[Problem details]: Print out the data that follows exactly, character for character, apart from the pictures.
------ Data for this exercise ------
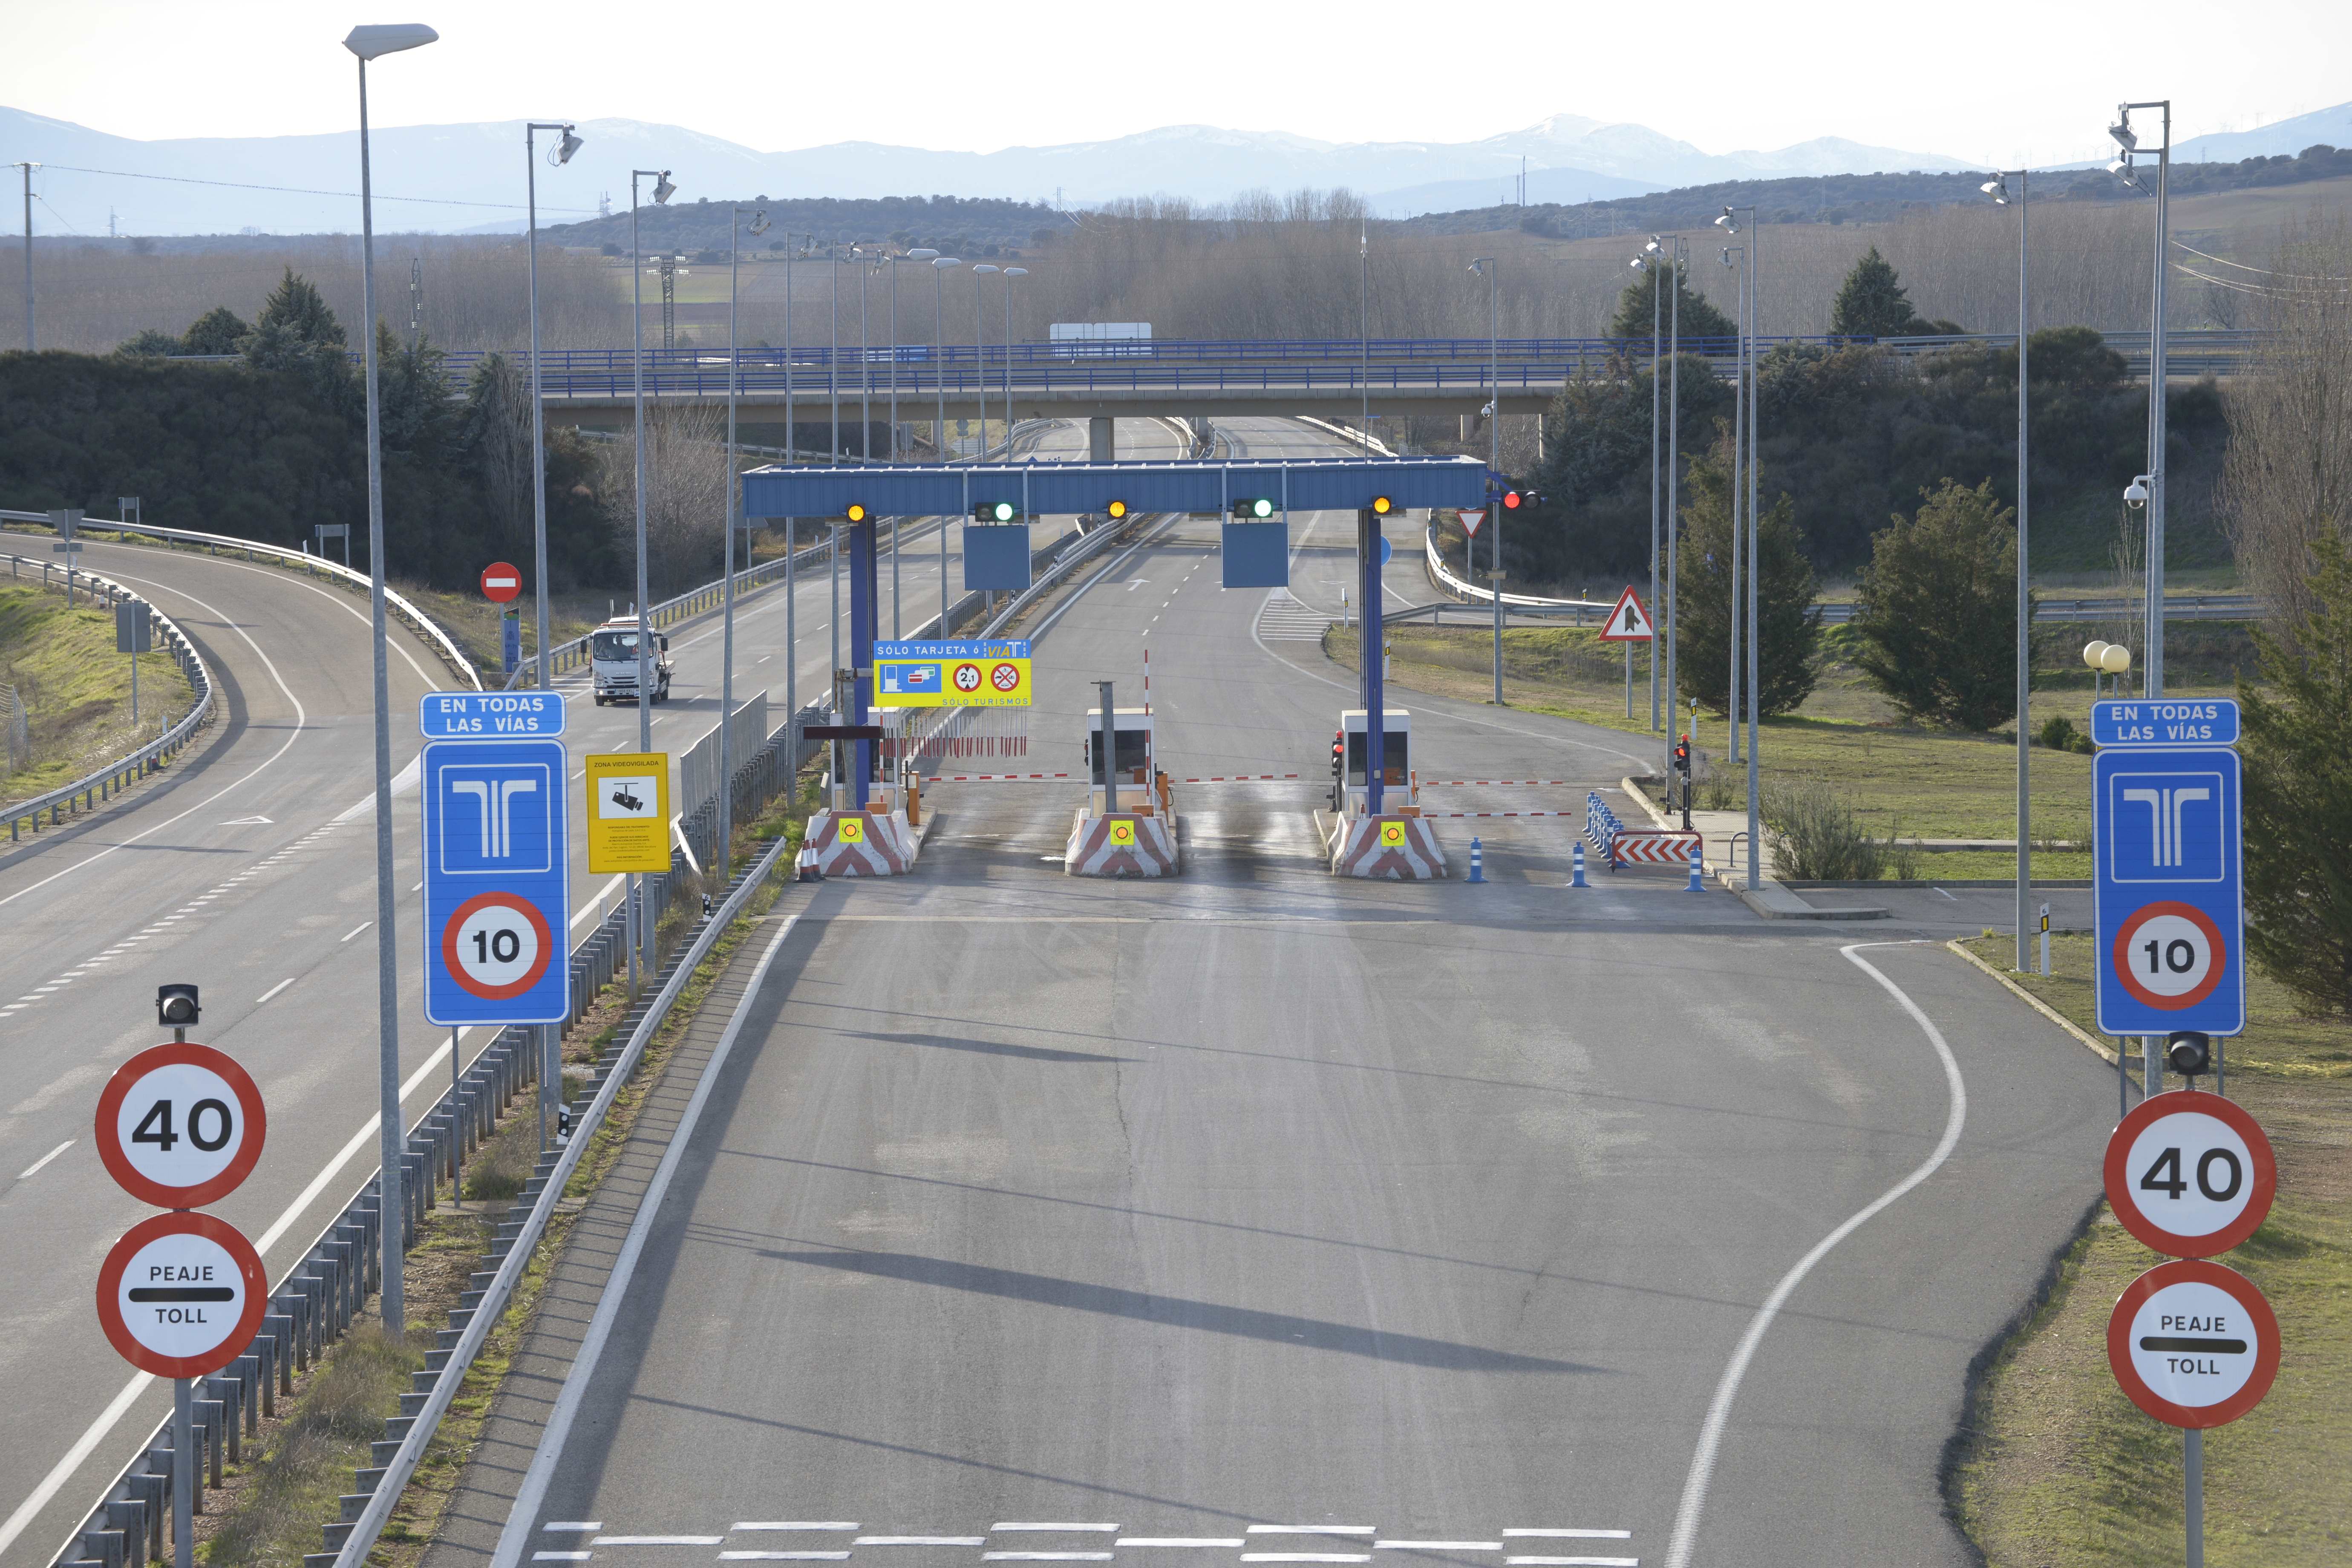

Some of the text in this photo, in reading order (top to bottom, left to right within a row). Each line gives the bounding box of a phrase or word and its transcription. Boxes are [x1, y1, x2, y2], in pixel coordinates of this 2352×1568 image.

[877, 645, 908, 655] SÓLO
[915, 646, 967, 654] TARJETA
[961, 672, 975, 682] 2,1
[441, 698, 544, 712] EN TODAS
[2112, 706, 2218, 721] EN TODAS
[447, 714, 539, 732] LAS VÍAS
[2118, 723, 2212, 740] LAS VÍAS
[473, 929, 520, 963] 10
[2144, 939, 2195, 974] 10
[132, 1098, 232, 1152] 40
[2140, 1147, 2242, 1202] 40
[150, 1266, 213, 1281] PEAJE
[156, 1309, 207, 1323] TOLL
[2161, 1315, 2225, 1332] PEAJE
[2167, 1359, 2220, 1375] TOLL
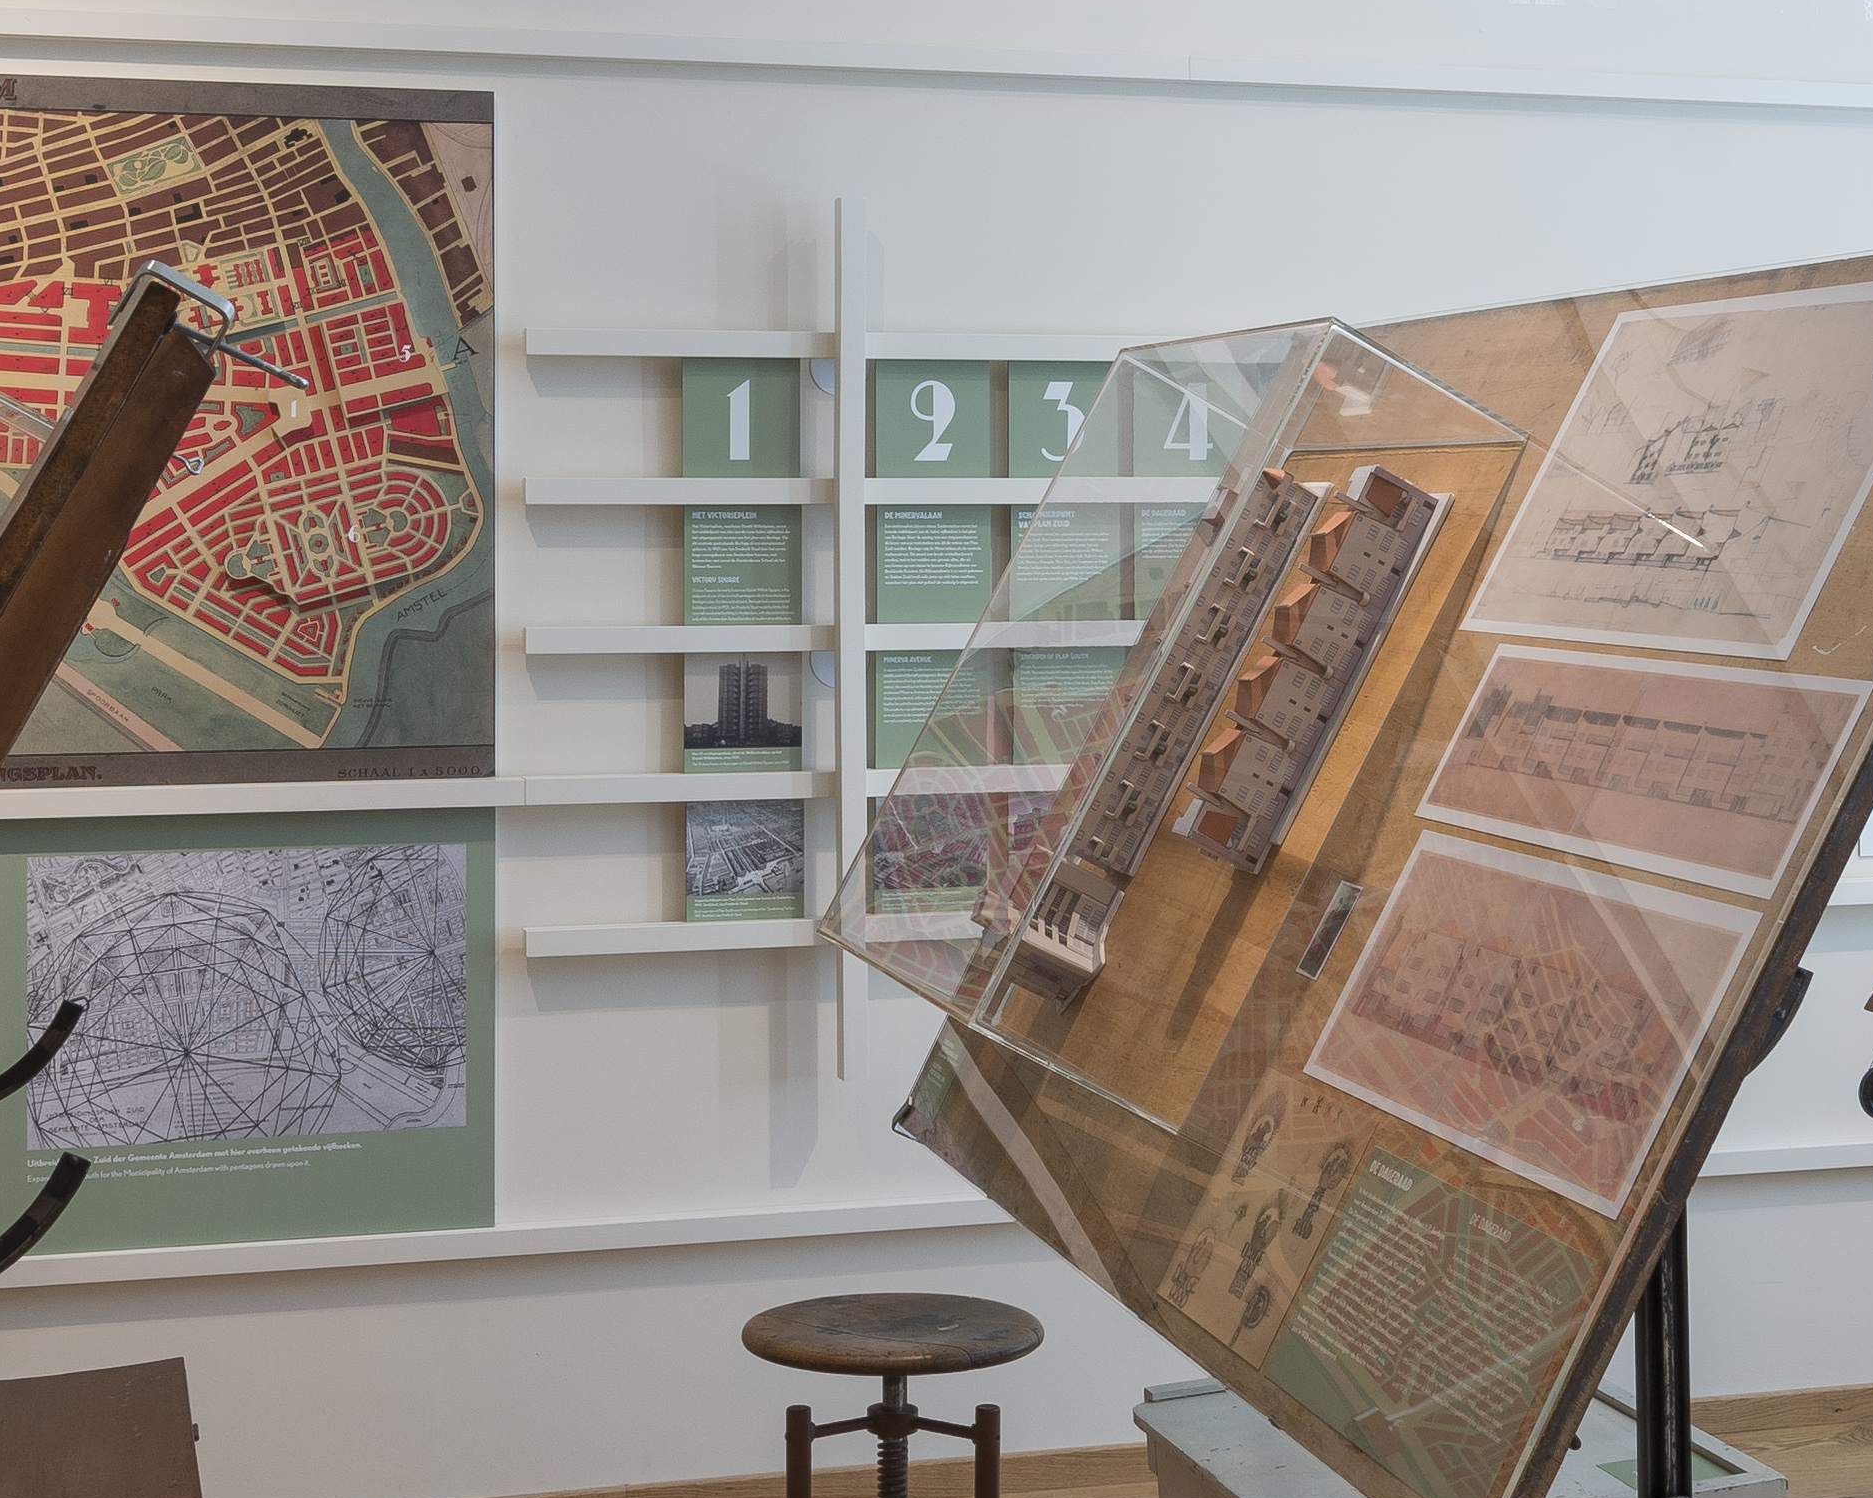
------
[Exercise result]:
Some of the text in this photo, in reading order (top to bottom, left to right within a row). Each line gives the bounding box of a phrase or word and its transcription. Boxes are [x1, y1, x2, y2], in pixel coordinates of this 2352×1568 image.

[877, 645, 908, 655] SÓLO
[915, 646, 967, 654] TARJETA
[961, 672, 975, 682] 2,1
[441, 698, 544, 712] EN TODAS
[2112, 706, 2218, 721] EN TODAS
[447, 714, 539, 732] LAS VÍAS
[2118, 723, 2212, 740] LAS VÍAS
[473, 929, 520, 963] 10
[2144, 939, 2195, 974] 10
[132, 1098, 232, 1152] 40
[2140, 1147, 2242, 1202] 40
[150, 1266, 213, 1281] PEAJE
[156, 1309, 207, 1323] TOLL
[2161, 1315, 2225, 1332] PEAJE
[2167, 1359, 2220, 1375] TOLL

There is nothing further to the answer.